GAVORRANO. Rimane sempre inspiegabile la motivazione che sta dietro ai gesti dei vandali. Gesti che hanno visto come obiettivo la piscina comunale di Bagno di Gavorrano, che è stata ritrovata distrutta, perché qualcuno ieri, lunedì 11 marzo, ha deciso di passare il proprio tempo entrando dentro la struttura e distruggendo tutto ciò che era a portata di mano: porte, mensole, vetri e oggetti lanciati dentro la vasca.

L’impianto, chiuso nel 2023 per adeguamenti e per ristrutturazioni della struttura, era vicino all’inaugurazione, che avrebbe riconsegnato la piscina ai cittadini di Gavorrano e non solo. Ora la riapertura non è più così vicina, i paesani dovranno aspettare ancora un po’ prima di tornare a nuotare in uno dei luoghi più importanti per l’associazione e lo sport di tutto il gavorranese.

L’amministrazione comunale ha aperto un mutuo di oltre 670mila euro per ristrutturare la struttura e gli atti vandalici hanno  aggravato solo la spesa.

Per questo l’opposizione comunale ha interrogato il sindaco, Stefania Ulivieri, per provare a capire quali iniziative ha messo in campo per il contrasto agli episodi di disagio, che da anni sono presenti in paese.

I vandali spaccano tutto

Quando è arrivata la telefonata da qualcuno del paese, che avvisava che delle persone si aggiravano in maniera sospetta lì vicino, nonostante il brutto tempo, è scattato l’allarme, ma era già troppo tardi: i carabinieri e gli amministratori, quando sono arrivati sul posto dopo un frenetico passaparola, hanno travato quello che definiscono un colpo al cuore.

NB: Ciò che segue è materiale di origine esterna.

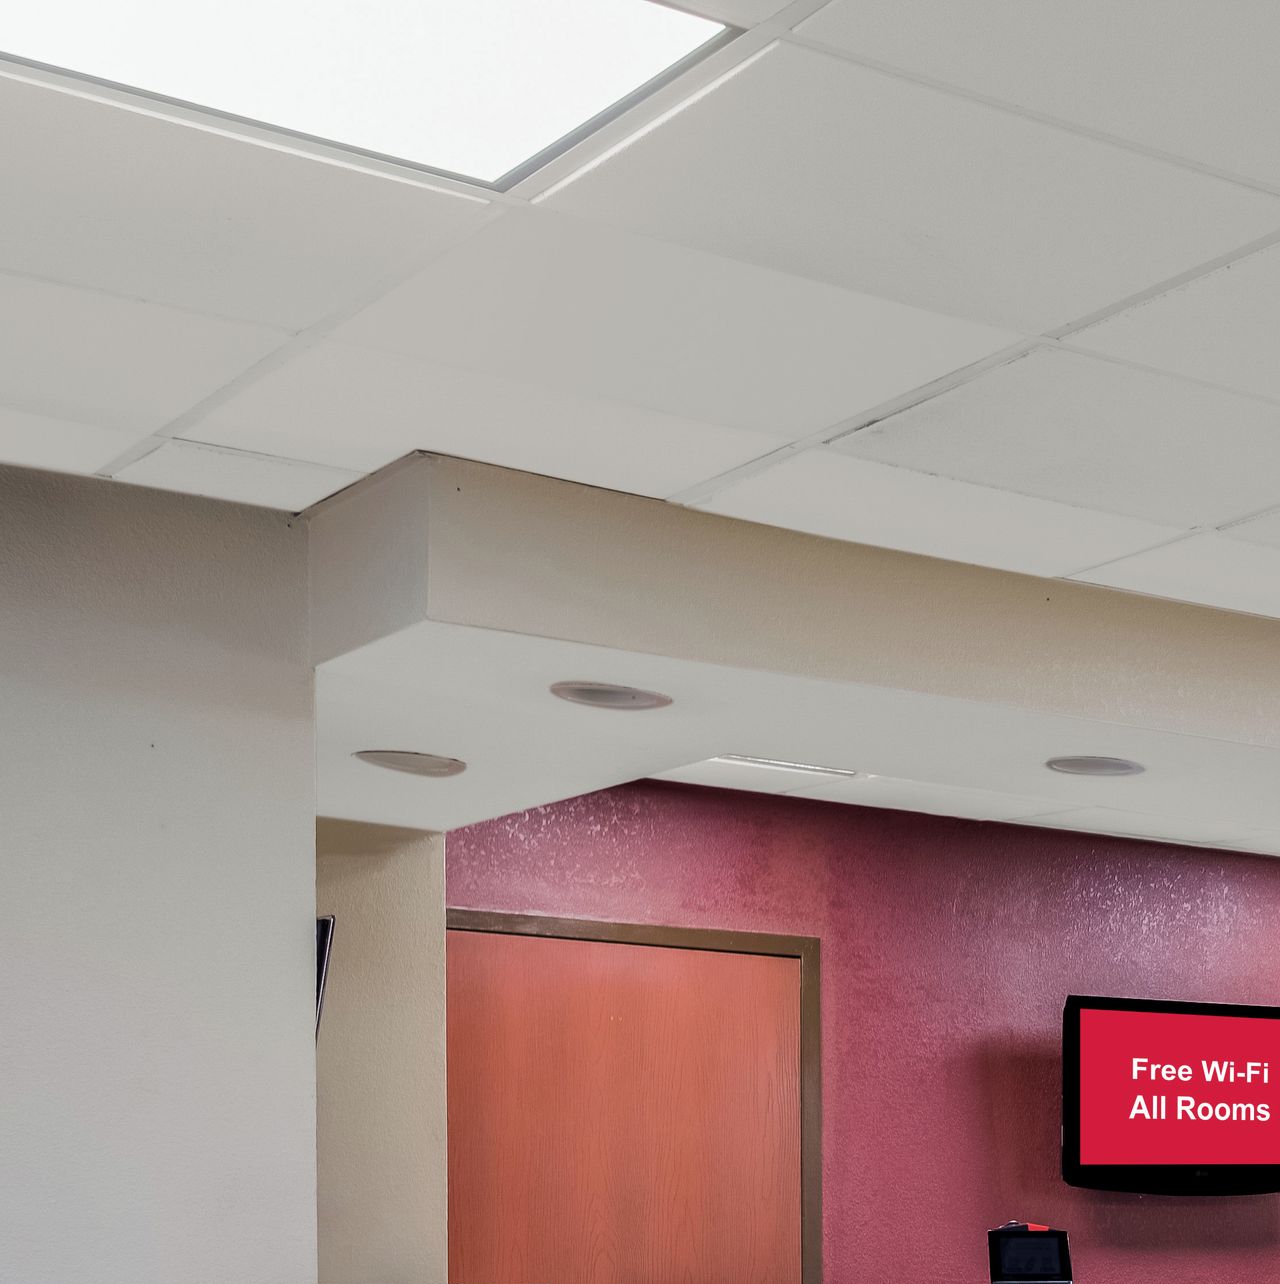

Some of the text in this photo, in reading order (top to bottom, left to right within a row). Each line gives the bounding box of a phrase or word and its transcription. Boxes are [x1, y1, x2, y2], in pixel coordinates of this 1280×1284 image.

[1132, 1057, 1269, 1083] Free Wi-Fi
[1129, 1095, 1271, 1121] All Rooms

«A forse 100 metri dalla piscina c’è la scuola elementare – dicono gli amministratori – e non è accettabile pensare che, prima o poi, possa essere anch’essa finire nel mirino di chi non ha nient’altro da fare».

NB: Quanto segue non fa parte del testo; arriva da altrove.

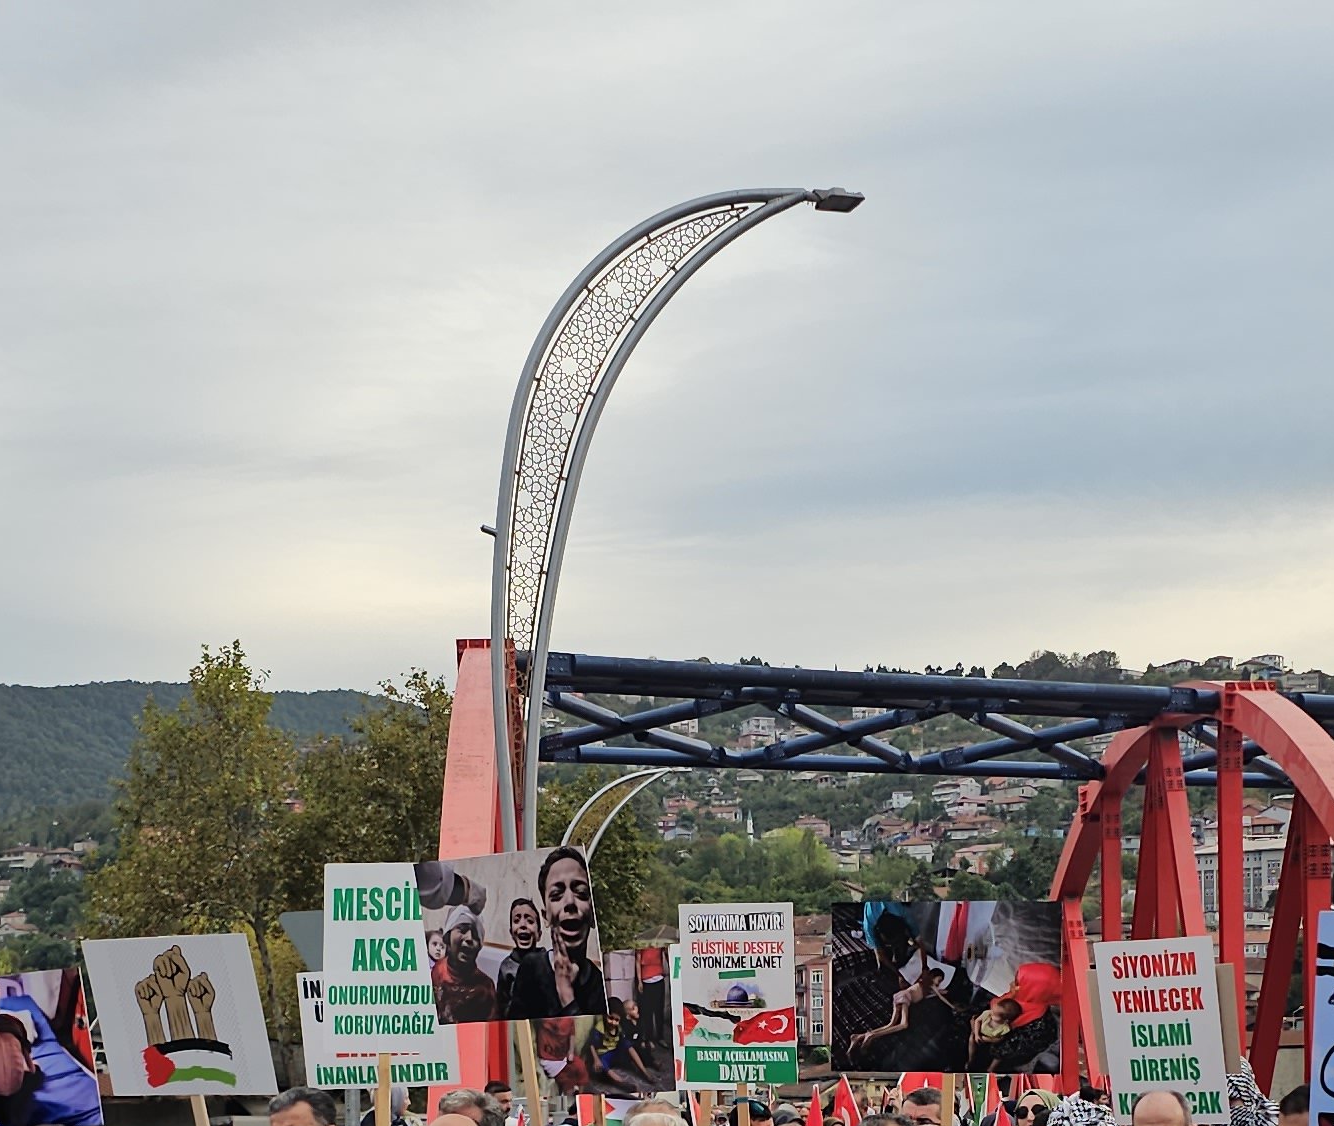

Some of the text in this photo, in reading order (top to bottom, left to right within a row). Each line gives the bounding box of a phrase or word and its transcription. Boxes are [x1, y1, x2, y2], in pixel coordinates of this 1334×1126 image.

[688, 912, 784, 932] SOYKIRIMA HAYIR!
[352, 938, 417, 972] AKSA
[744, 941, 784, 954] DESTEK
[749, 955, 782, 969] LANET
[1111, 950, 1197, 979] SİYONİZM
[328, 985, 435, 1005] ONURUMUZDU
[1112, 986, 1204, 1013] YENİLECEK
[334, 1011, 435, 1035] KORUYACAĞIZ
[1130, 1018, 1192, 1047] İSLAMİ
[696, 1050, 789, 1063] BASIN AÇIKLAMASINA
[316, 1062, 449, 1085] İNANLAINDIR
[719, 1064, 766, 1082] DAVET
[1130, 1053, 1201, 1085] DİRENİŞ

Le forze dell’ordine stanno esaminando tutte le dichiarazioni raccolte e i dettagli che potrebbero far risalire all’individuazione di qualcuno dentro il gruppo, che ha commesso l’effrazione e ha vandalizzato la piscina.

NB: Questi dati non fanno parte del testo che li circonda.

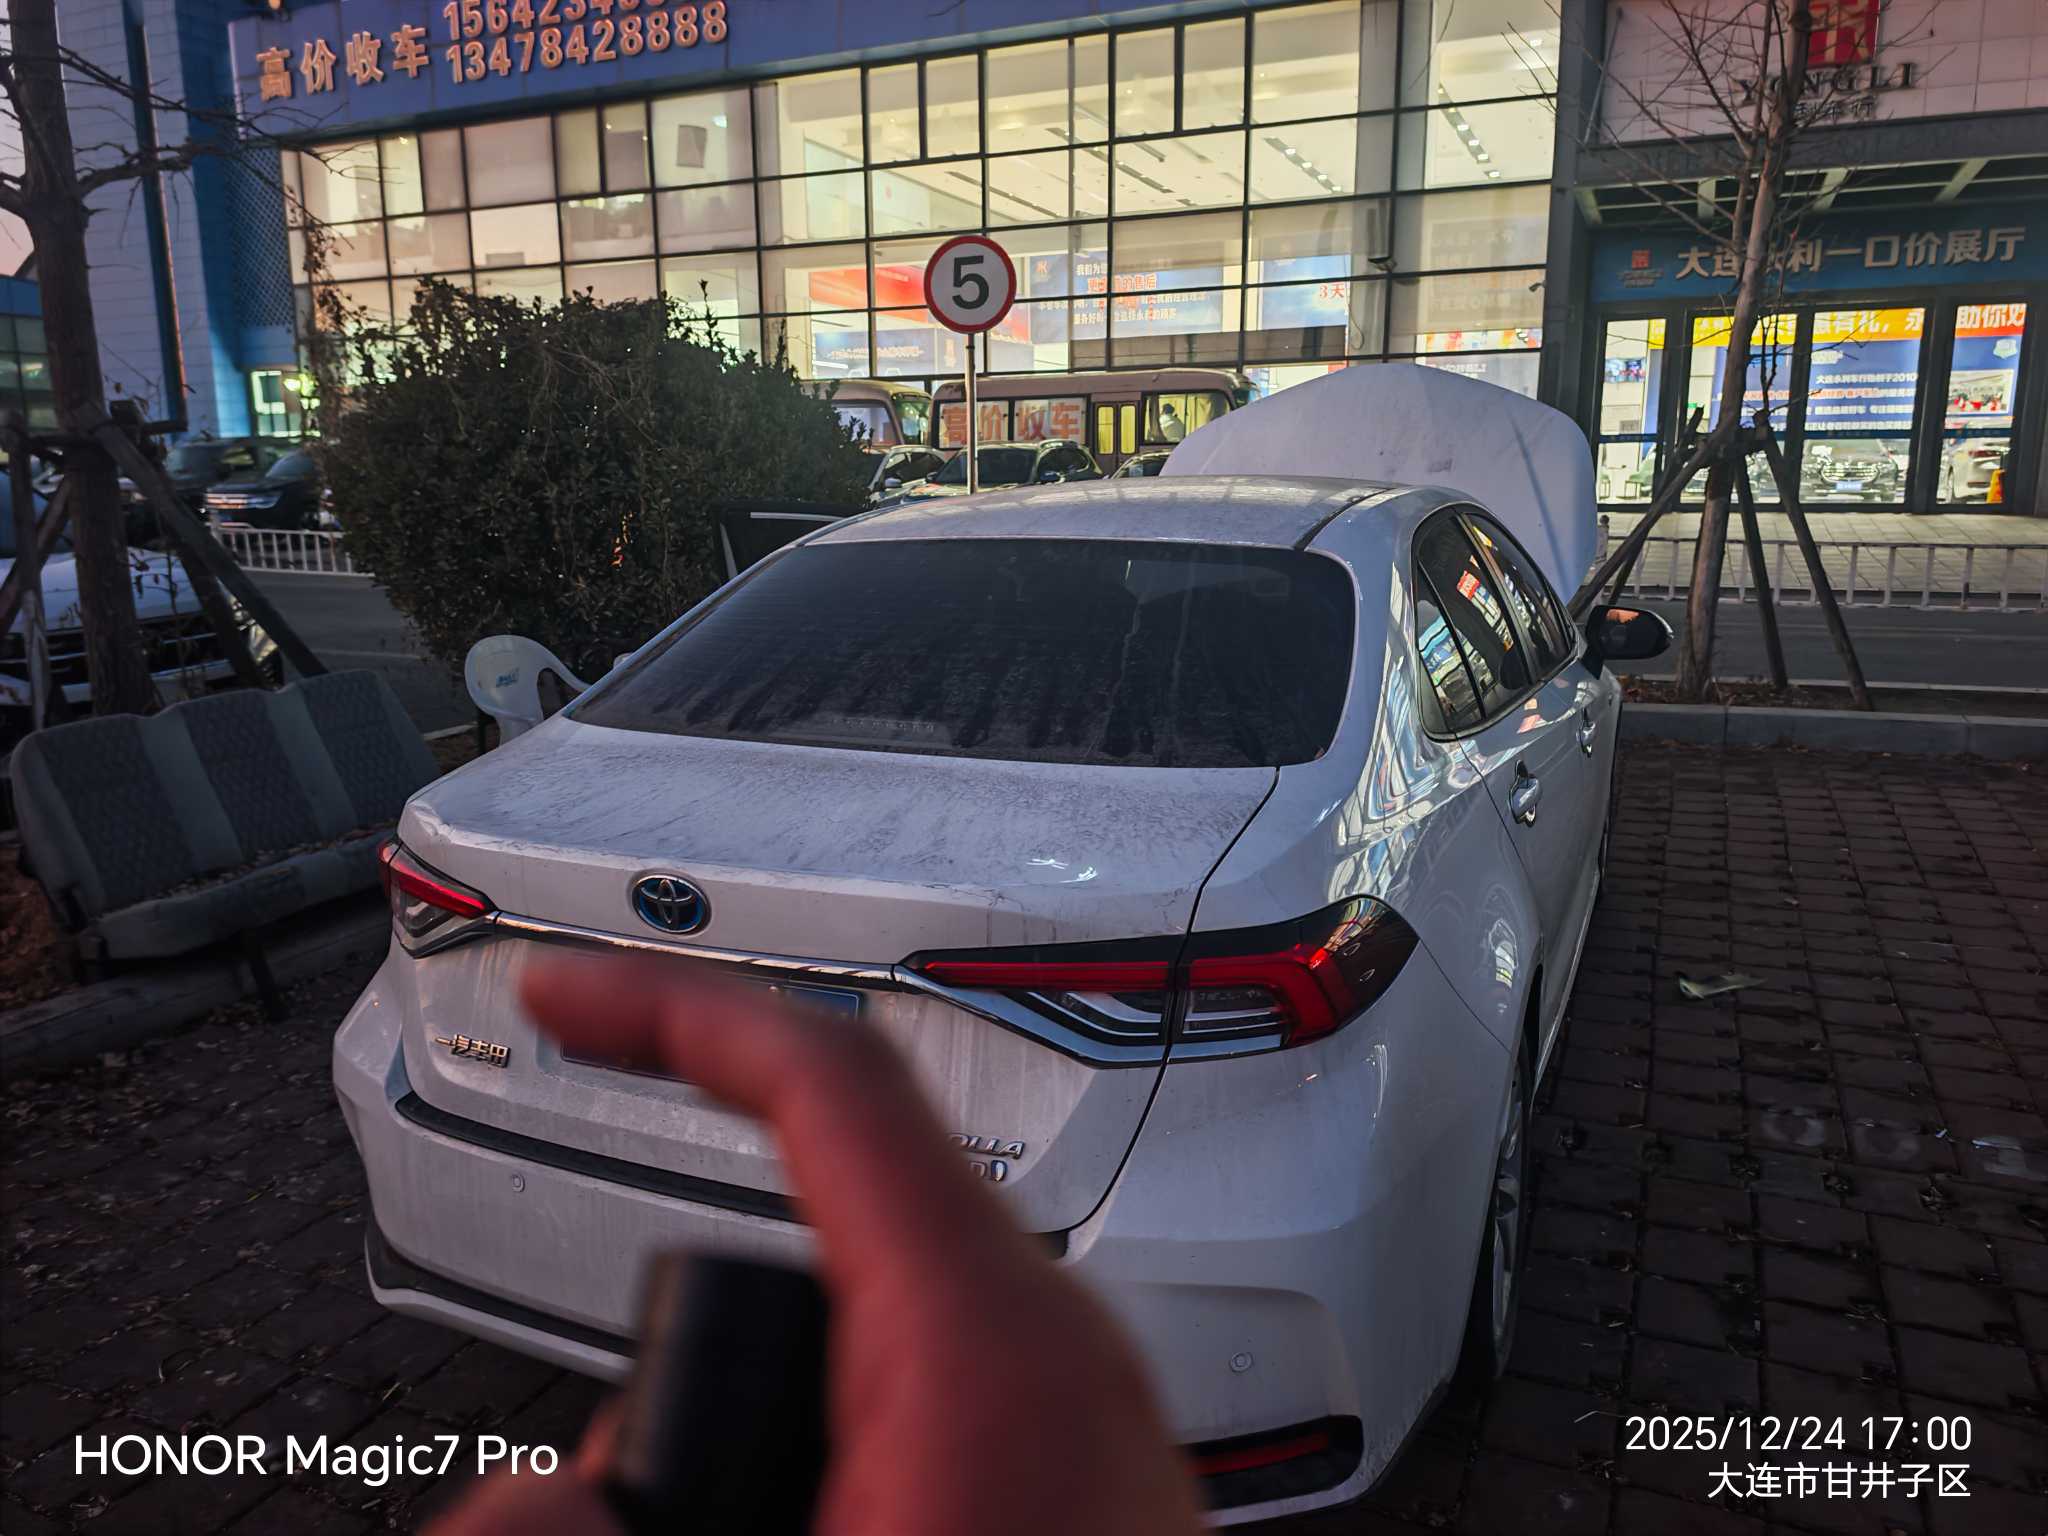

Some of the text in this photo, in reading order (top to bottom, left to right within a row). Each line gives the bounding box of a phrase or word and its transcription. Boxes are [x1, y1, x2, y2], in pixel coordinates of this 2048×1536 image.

[256, 23, 430, 102] 高价收车
[446, 0, 728, 83] 13478428888
[952, 255, 990, 310] 5
[942, 402, 1082, 446] 高价收车
[432, 1034, 511, 1067] 一汽丰田

Dal Comune non si danno pace e stanno già valutando la possibilità di installare un impianto di videosorveglianza, quantomeno nella vicinanza delle sue strutture.

L’interrogazione a Ulivieri

L’interrogazione dell’opposizione vuole provare a mettere in luce le varie criticità riscontrate in paese, che da anni vive nel degrado. «L’ultimo episodio di vandalismo è l’ennesimo atto di dimostrazione che anche l’amministrazione – scrivono i consiglieri comunali – chiamata a svolgere un ruolo apicale nella società, sta fallendo nelle iniziative che sta mettendo in atto con l’assessore alla legalità, Massimo Borghi».

«Ci auguriamo che quanto prima siano individuati e consegnati alla giustizia i vandali – concludono – che hanno colpito la piscina di Bagno di Gavorrano».